Monsieur le président, je serai bref car vous avez bien résumé l'objet de cette commission. C'est un objet difficile car c'est tout sauf une science exacte. Il s'agit en fait d'additionner des hypothèses qui, toutes, comportent une marge d'erreur. Et comme tout statisticien le sait, les marges d'erreur peuvent s'annuler, se cumuler et même se multiplier. Dans ces conditions, on arrive à des résultats qui peuvent n'avoir rien à voir avec la réalité. En l'occurrence, on a trois problèmes successifs.

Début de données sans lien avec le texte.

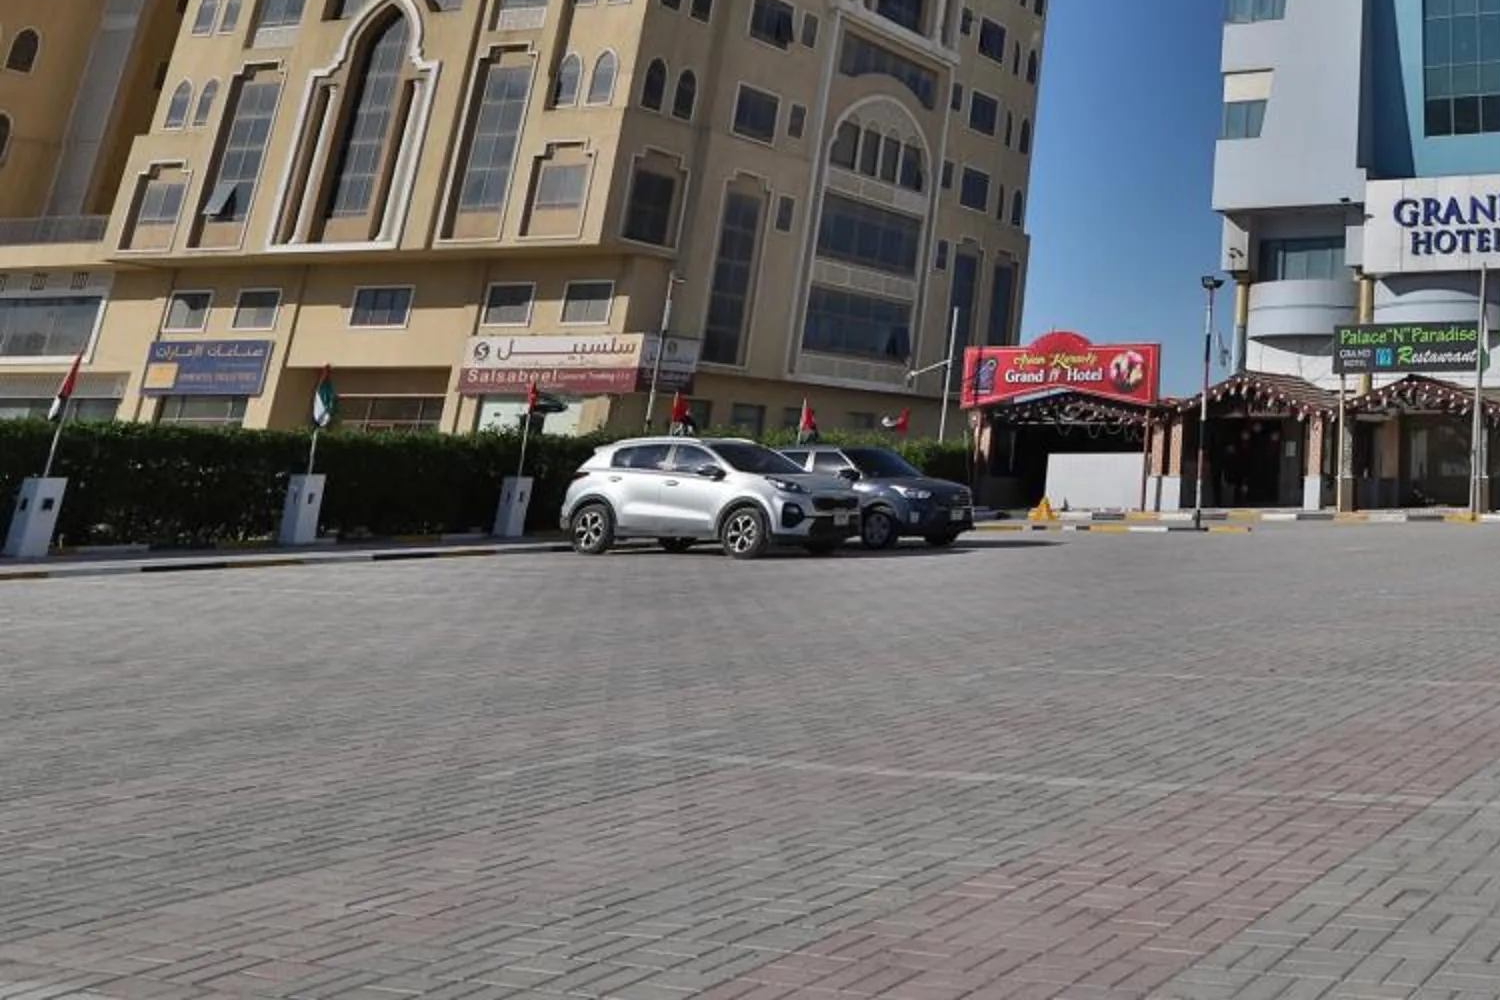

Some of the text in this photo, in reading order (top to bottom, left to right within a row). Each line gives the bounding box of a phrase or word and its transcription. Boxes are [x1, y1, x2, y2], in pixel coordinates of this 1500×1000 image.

[1397, 346, 1477, 365] Restaurant
[467, 368, 557, 384] Salsabeel
[1005, 368, 1044, 383] Grand
[1067, 367, 1103, 381] Hotel

Le premier, non le moindre, est celui de la connaissance. Connaît-on exactement les maladies professionnelles ? Pour certaines, c'est une évidence. L'asbestose est une maladie liée à l'amiante – c'est sûr à 98 %. D'autres maladies sont beaucoup plus compliquées. Je pense notamment à tous les cancers d'origine professionnelle – qui représentent la moitié de la charge de la branche AT-MP –, tout simplement parce que ce sont des maladies ubiquitaires pouvant avoir plusieurs causes et que leur déclenchement n'est pas concomitant à l'exposition : il peut intervenir dix, quinze, voire vingt ans plus tard. Dans ces conditions, il n'est pas du tout évident de faire le lien entre maladie et travail.

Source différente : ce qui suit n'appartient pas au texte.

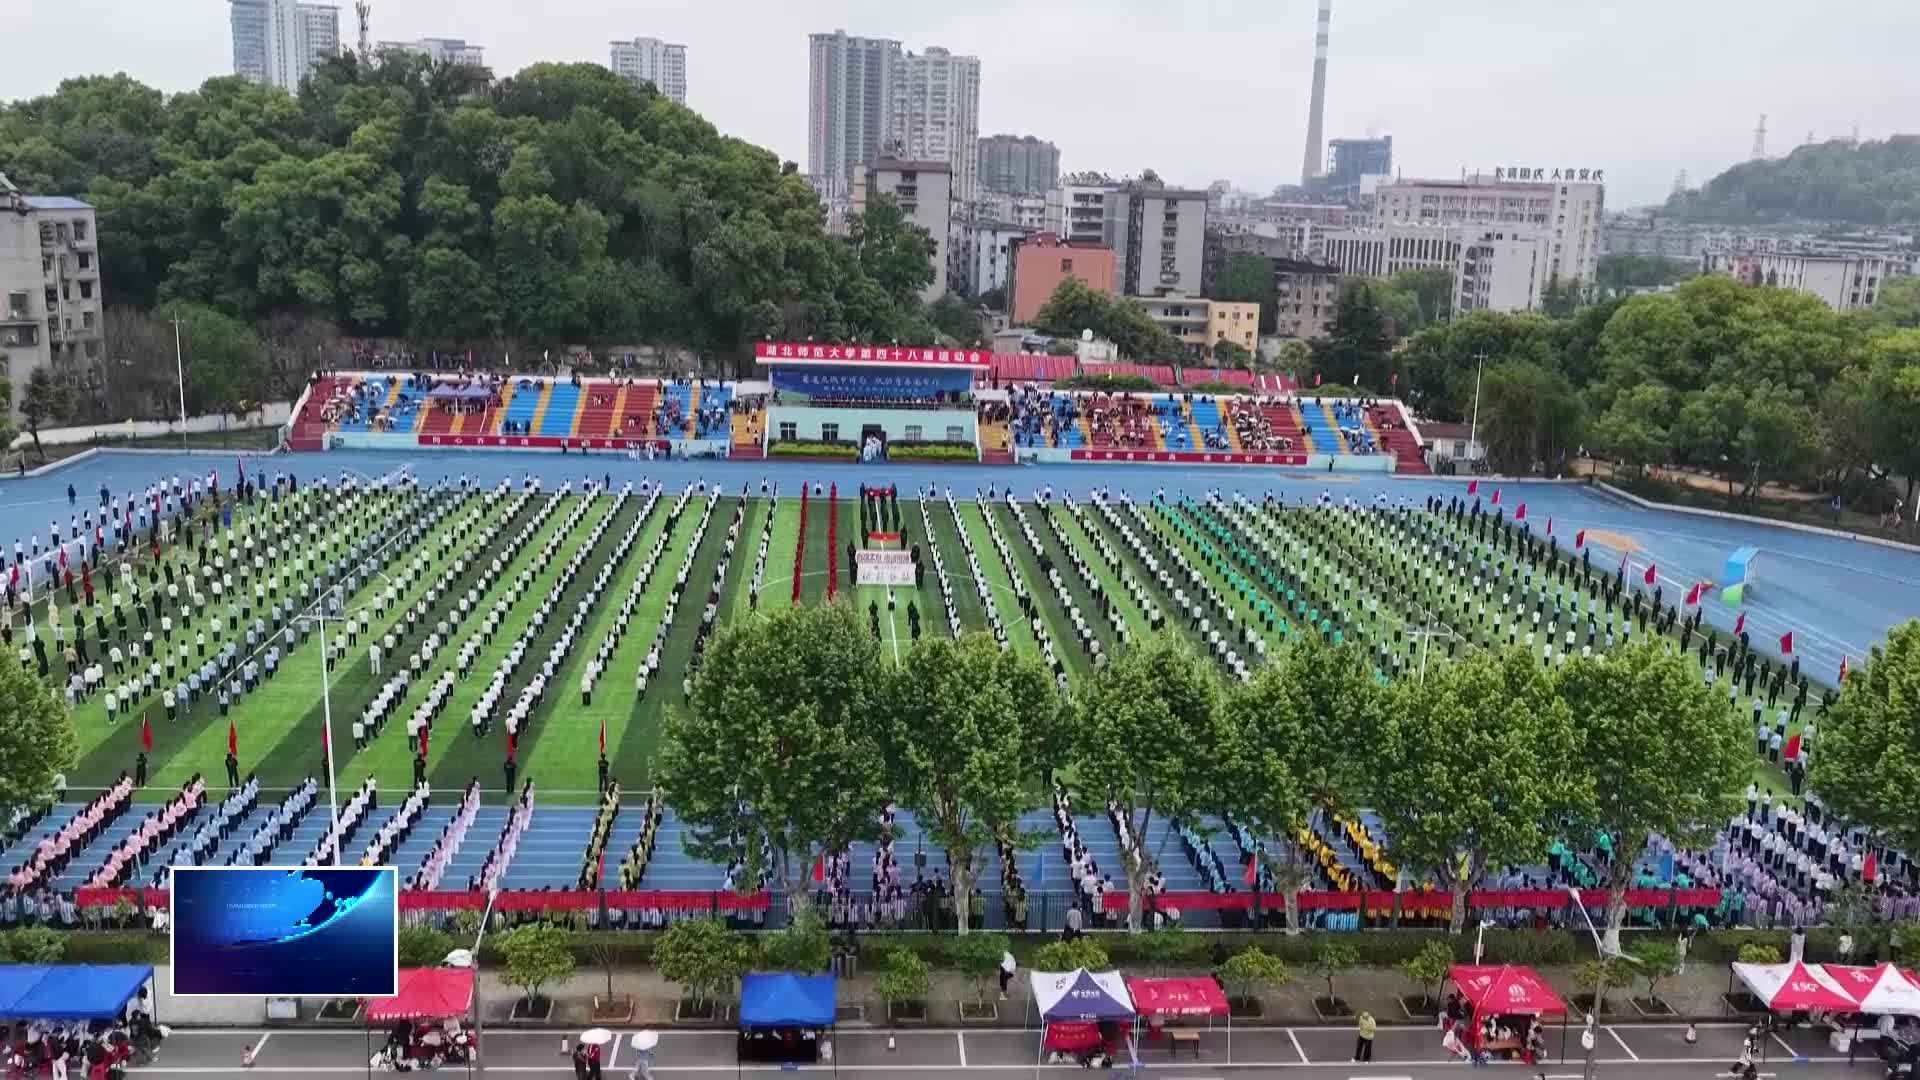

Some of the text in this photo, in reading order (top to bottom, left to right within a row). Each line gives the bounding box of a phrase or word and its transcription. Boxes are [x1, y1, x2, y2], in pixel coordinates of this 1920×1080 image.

[766, 344, 980, 363] 湖北师范大学第四十八届运动会

Bien souvent, ça ne l'est pas pour la victime elle-même qui ne pense pas forcément à ce qui lui est arrivé. Si le médecin traitant – qui est chargé de faire la première déclaration de maladie professionnelle – y pense et en a le temps, il peut retracer le parcours du combattant du malade qui se présente devant lui et se demander si ce dernier n'a pas une maladie professionnelle. La plupart du temps, les médecins n'y pensent pas, ils n'ont pas le temps et n'ont pas forcément la formation nécessaire – les maladies professionnelles ayant été totalement ignorées pendant très longtemps – si bien qu'ils passent à côté. La maladie est alors identifiée comme un cancer sans qu'on sache exactement quelle est son origine.

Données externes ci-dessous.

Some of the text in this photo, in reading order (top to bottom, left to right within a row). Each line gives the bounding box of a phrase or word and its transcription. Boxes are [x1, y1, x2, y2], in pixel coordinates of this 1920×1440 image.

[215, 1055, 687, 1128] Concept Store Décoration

Dans certains cas, les choses sont simples car le lien entre souffrance et profession est évident. C'est le cas des problèmes liés au rachis chez les gens qui manient des marteaux piqueurs. Lorsque le lien est évident, on fait des tableaux : une fois qu'un certain nombre de conditions sont réunies, on peut dire sans aucun doute que la maladie est d'origine professionnelle. En revanche, d'autres maladies – comme la surdité – peuvent certes être déclenchées par un environnement professionnel bruyant, mais pas seulement. Ce peut être aussi l'écoute d'une musique très bruyante à la maison et, comme plus les gens sont mal-entendants, plus ils augmentent le volume sonore, ce qui ne fait qu'aggraver la situation.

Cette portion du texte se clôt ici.